• Source records:
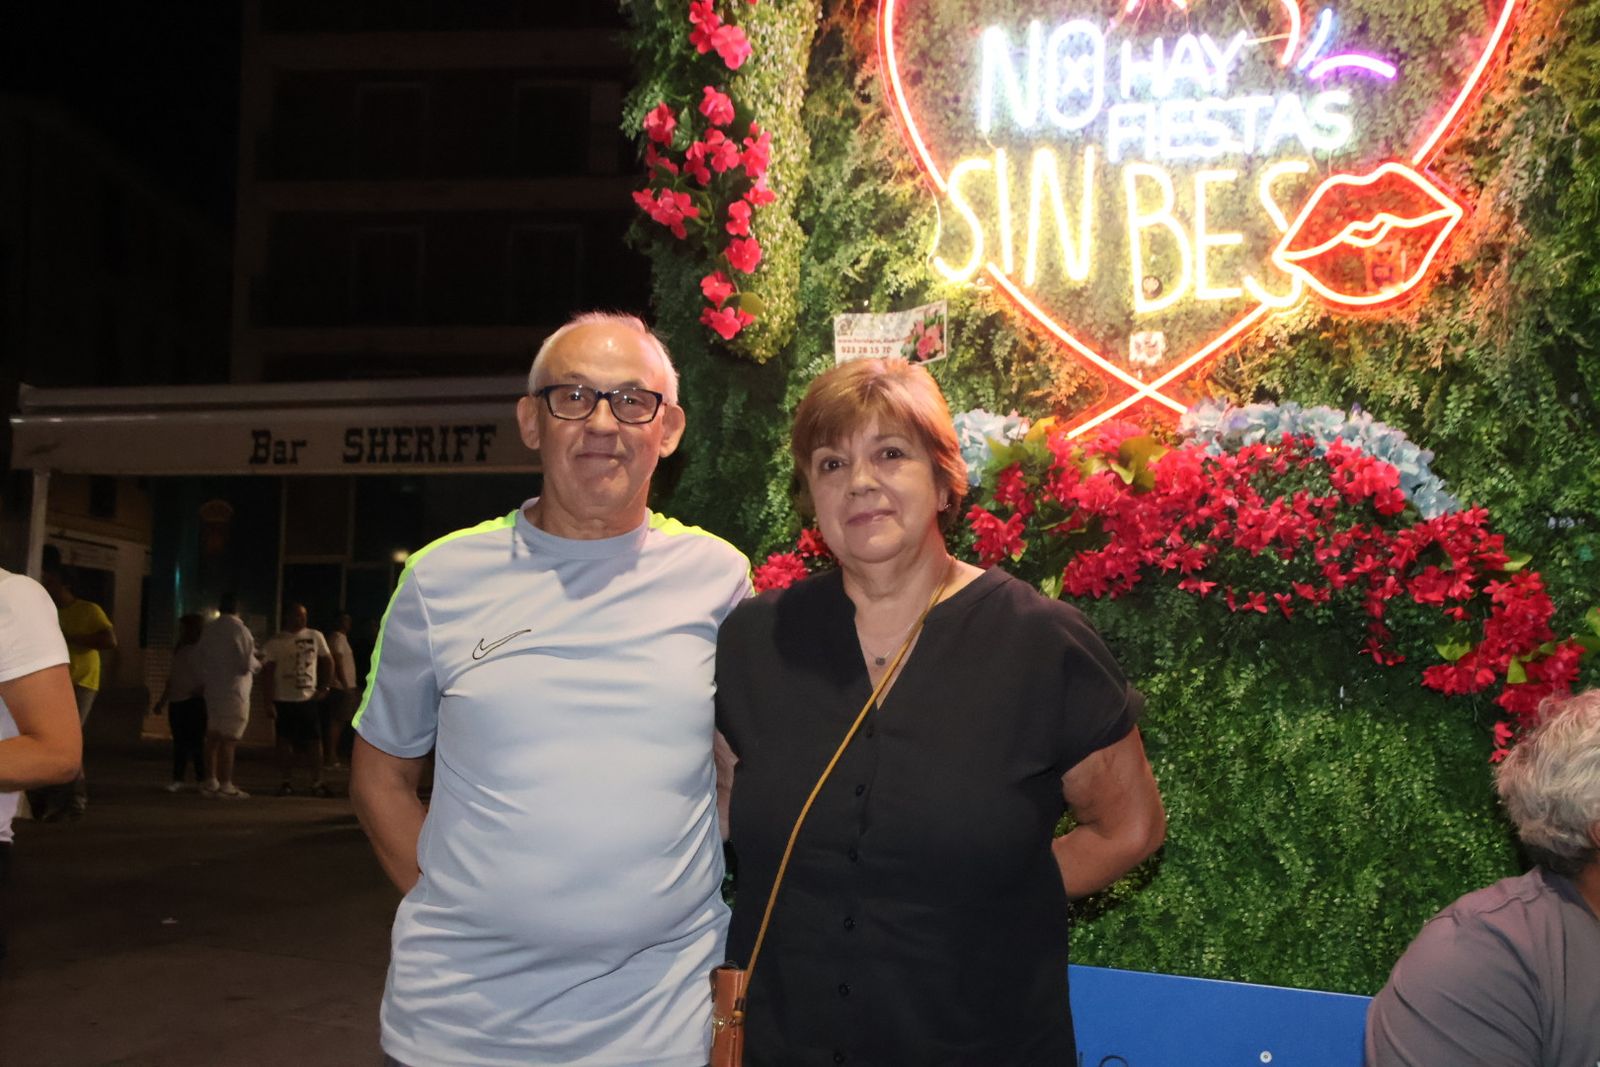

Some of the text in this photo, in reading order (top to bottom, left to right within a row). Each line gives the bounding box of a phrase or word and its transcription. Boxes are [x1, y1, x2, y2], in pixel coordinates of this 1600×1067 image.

[979, 19, 1248, 132] NO HAY
[1107, 91, 1354, 162] FIESTAS
[933, 147, 1096, 287] SIN
[249, 425, 497, 465] Bar SHERIFF

• What you should do: In your copy of the records above, include no pictures and match every line exactly.

• Answer space:
Some of the text in this photo, in reading order (top to bottom, left to right within a row). Each line gives the bounding box of a phrase or word and its transcription. Boxes are [x1, y1, x2, y2], in pixel coordinates of this 1600×1067 image.

[979, 19, 1248, 132] NO HAY
[1107, 91, 1354, 162] FIESTAS
[933, 147, 1096, 287] SIN
[249, 425, 497, 465] Bar SHERIFF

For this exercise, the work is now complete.